A garment is not a picture of a garment. It is a material, with weight, stretch and sheen.
Fabric has a weave or a knit, a sheen, a weight, some stretch and some stiffness. Those properties decide how it looks under light and how it hangs on a body, and they are only partly visible in a product photo.

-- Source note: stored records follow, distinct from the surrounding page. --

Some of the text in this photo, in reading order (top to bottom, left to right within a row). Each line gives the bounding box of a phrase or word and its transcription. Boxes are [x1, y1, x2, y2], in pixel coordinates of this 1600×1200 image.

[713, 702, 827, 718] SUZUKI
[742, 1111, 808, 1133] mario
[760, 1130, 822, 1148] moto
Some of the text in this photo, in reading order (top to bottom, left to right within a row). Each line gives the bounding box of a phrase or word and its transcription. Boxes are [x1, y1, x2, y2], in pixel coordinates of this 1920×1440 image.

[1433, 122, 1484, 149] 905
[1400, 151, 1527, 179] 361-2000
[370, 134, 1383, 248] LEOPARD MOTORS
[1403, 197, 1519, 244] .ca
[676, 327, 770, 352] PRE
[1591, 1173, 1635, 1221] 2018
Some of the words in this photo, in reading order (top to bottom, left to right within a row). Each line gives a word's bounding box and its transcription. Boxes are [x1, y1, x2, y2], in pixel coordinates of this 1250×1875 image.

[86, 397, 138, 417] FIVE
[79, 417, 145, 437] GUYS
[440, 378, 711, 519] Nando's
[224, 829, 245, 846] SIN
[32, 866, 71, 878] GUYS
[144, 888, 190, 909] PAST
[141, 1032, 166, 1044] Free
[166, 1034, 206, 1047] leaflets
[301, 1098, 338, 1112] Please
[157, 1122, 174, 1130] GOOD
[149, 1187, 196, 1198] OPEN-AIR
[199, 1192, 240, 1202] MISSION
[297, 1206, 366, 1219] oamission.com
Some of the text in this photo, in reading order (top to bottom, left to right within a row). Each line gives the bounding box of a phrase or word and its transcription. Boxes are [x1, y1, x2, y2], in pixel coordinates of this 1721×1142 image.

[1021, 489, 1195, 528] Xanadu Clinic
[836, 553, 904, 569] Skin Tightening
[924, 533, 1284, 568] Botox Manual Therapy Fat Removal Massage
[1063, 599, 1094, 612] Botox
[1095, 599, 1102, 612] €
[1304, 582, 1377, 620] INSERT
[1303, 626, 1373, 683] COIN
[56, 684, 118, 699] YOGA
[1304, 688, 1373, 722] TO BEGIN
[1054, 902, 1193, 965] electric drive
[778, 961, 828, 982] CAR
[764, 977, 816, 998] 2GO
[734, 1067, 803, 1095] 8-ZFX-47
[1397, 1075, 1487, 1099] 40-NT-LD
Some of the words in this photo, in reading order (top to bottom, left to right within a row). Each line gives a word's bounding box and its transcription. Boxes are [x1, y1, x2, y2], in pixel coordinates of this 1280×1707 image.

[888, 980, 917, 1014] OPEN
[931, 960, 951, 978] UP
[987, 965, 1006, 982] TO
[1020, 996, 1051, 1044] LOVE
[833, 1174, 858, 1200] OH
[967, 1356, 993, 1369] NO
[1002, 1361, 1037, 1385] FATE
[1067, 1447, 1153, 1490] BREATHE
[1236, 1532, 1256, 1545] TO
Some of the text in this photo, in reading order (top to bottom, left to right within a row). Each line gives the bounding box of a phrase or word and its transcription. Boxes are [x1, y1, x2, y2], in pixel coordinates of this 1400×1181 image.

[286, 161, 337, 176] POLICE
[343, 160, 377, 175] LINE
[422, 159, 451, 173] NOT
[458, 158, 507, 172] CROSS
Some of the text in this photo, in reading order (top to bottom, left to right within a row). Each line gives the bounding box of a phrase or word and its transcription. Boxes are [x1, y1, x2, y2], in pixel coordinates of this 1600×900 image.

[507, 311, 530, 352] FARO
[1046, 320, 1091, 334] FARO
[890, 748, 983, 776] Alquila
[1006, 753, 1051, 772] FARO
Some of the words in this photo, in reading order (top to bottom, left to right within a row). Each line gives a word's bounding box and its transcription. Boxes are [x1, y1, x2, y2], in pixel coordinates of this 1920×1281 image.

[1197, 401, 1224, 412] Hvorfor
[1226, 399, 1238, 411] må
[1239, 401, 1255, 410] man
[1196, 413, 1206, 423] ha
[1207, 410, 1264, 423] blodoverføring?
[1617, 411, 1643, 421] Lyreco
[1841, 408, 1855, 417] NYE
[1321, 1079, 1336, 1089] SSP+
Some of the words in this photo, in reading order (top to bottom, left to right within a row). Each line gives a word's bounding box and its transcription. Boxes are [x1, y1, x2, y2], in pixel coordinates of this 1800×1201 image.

Graphics has long modelled them explicitly. Reflectance models describe appearance, and cloth simulation describes motion and drape. Learning-based methods now estimate appearance from photographs and learn garment dynamics. We are interested in bringing that physical understanding into generative try-on, so that a heavy wool coat and a light silk blouse behave differently even when their product photos look alike.
Questions we are exploring
- Can we infer how a material behaves (weight, stiffness, stretch) from a product photo well enough to guide drape?
- How should texture be represented so it survives warping and generation intact?
- How do we measure texture fidelity in a way that matches what people perceive?
Further reading
- Deschaintre et al. Single-Image SVBRDF Capture with a Rendering-Aware Deep Network. ACM Transactions on Graphics (SIGGRAPH), 2018.
- Baraff & Witkin Large Steps in Cloth Simulation. SIGGRAPH, 1998.
- Santesteban, Otaduy & Casas SNUG: Self-Supervised Neural Dynamic Garments. CVPR, 2022.
- Grigorev et al. HOOD: Hierarchical Graphs for Generalized Modelling of Clothing Dynamics. CVPR, 2023.
- Ding et al. Image Quality Assessment: Unifying Structure and Texture Similarity. IEEE TPAMI, 2022.